Eredità contesa, coniugi assolti

Sulmona, erano entrati in possesso di una villa: i nipoti di un’anziana defunta li accusavano di truffa
SULMONA. Erano finiti sotto processo con l’accusa di circonvenzione d’incapace, per aver sottratto a un’anziana possidente, Concetta Iacone, un piccolo patrimonio.
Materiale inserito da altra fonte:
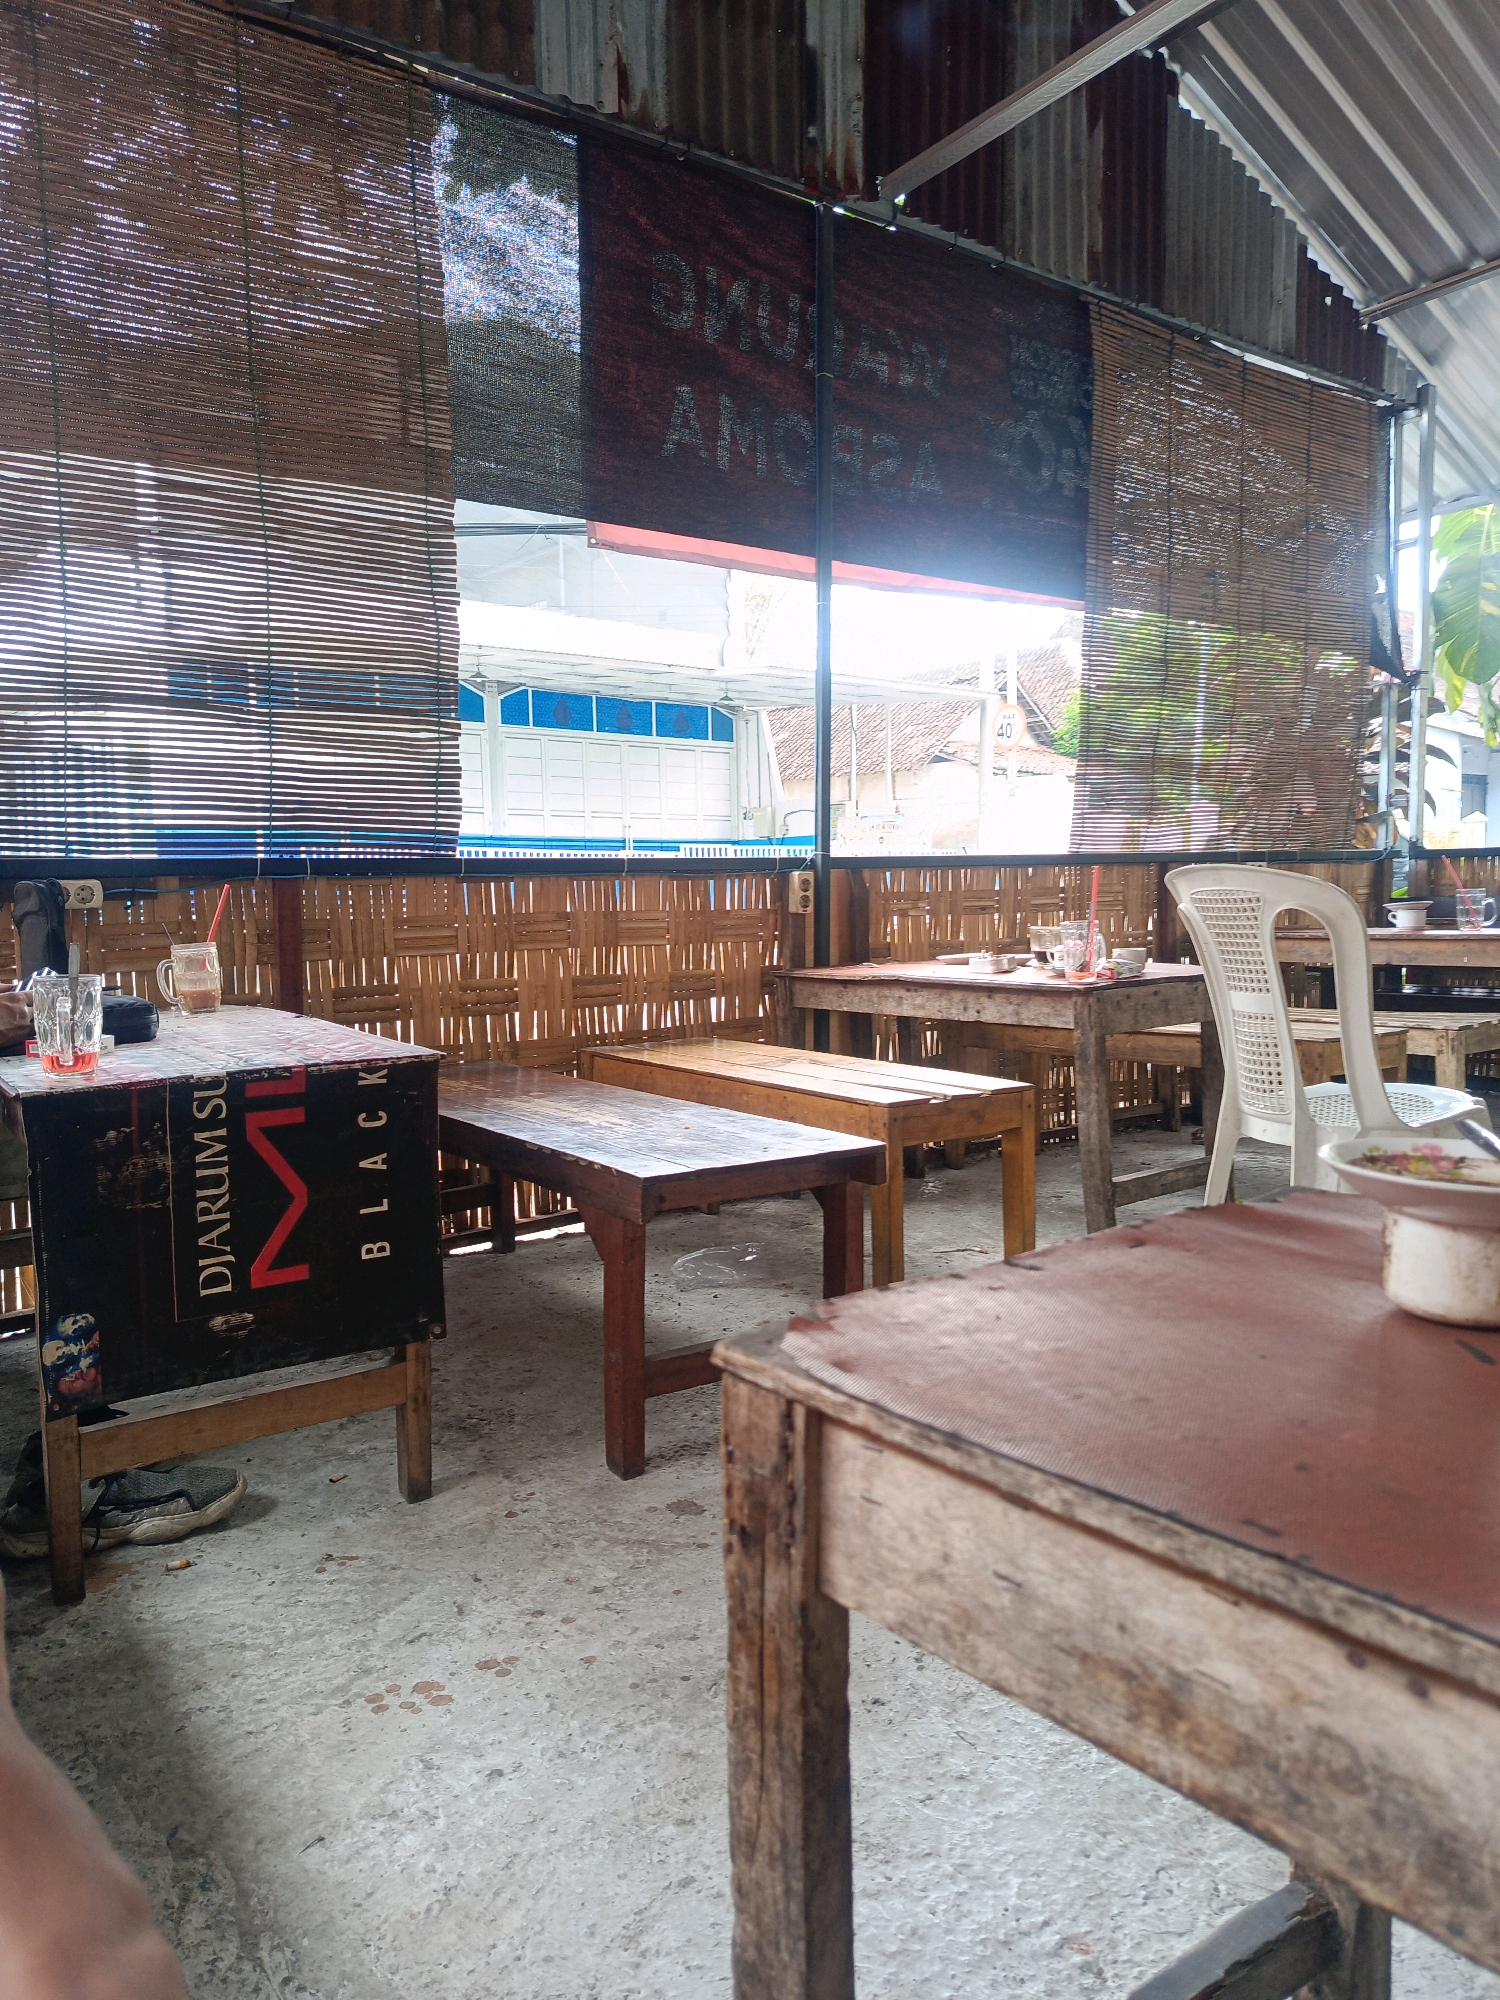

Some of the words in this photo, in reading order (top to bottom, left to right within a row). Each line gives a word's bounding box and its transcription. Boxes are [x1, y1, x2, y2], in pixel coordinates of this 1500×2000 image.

[996, 722, 1013, 739] 40
[193, 1127, 235, 1297] DJARUM
[357, 1068, 391, 1260] BLACK
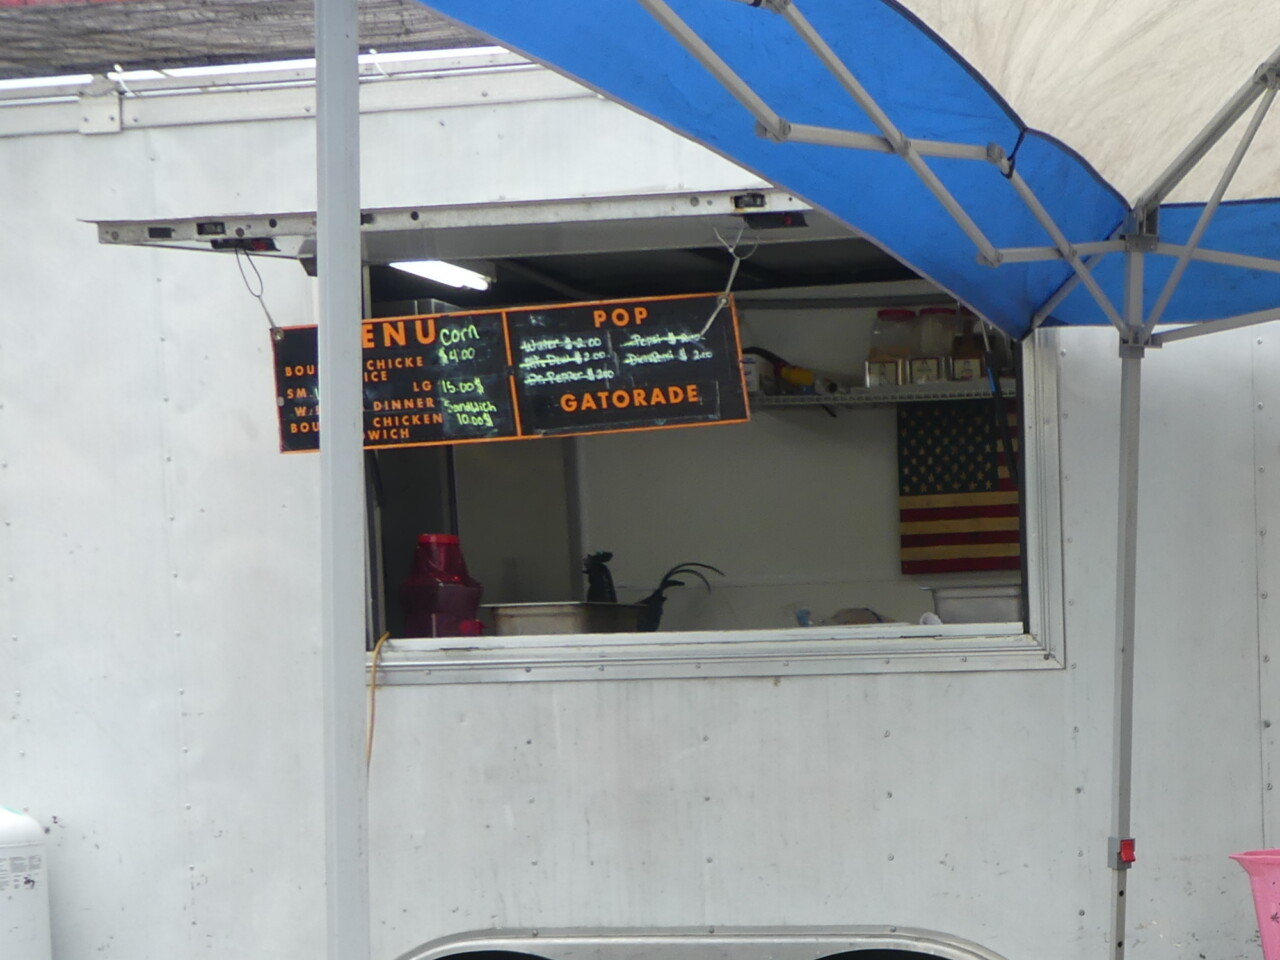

La vicenda, a distanza di sei anni, è approdata in tribunale e alla fine del dibattimento il giudice ha assolto i due imputati, Armando Cepparulo e Maria Giovanna Torres, perché il fatto non sussiste.
A denunciare la coppia, che nel procedimento giudiziario è stata difesa dall’avvocato Stefano Michelangelo, sono stati i nipoti della defunta, che all’epoca vivevano a Roma e che tornando a Sulmona dopo la morte della nonna, si sarebbero accorti della presunta truffa non trovando i soldi sul libretto postale ma, soprattutto, venendo a sapere che i coniugi Cepparulo erano diventati proprietari dell’appartamento di famiglia di via Minzoni.
Secondo le accuse, i due imputati sarebbero riusciti a entrare nella vita della defunta che era affetta da demenza senile e con la scusa di prestarle assistenza l’avrebbero plagiata fino a convincerla a sottoscrivere un atto notarile con il quale l’anziana cedeva la sua casa in cambio dell’assistenza di cui aveva bisogno giornalmente. Sempre secondo le accuse, i due imputati avrebbero convinto l’anziana a concedergli anche la delega sul conto corrente fino ad appropriarsi di circa 49mila euro ritirati dal libretto intestato all’anziana. «Accuse che si sono rivelate totalmente infondate», afferma il difensore dei coniugi Cepparulo, l’avvocato Stefano Michelangelo, «tanto che i giudici ci hanno dato pienamente ragione, riconoscendo che non c’è stata alcuna circonvenzione d’incapace e che le donazioni di denaro della Iacone erano il giusto compenso per la cura e l’amore che le rivolgevano i miei assistiti». (c.l.)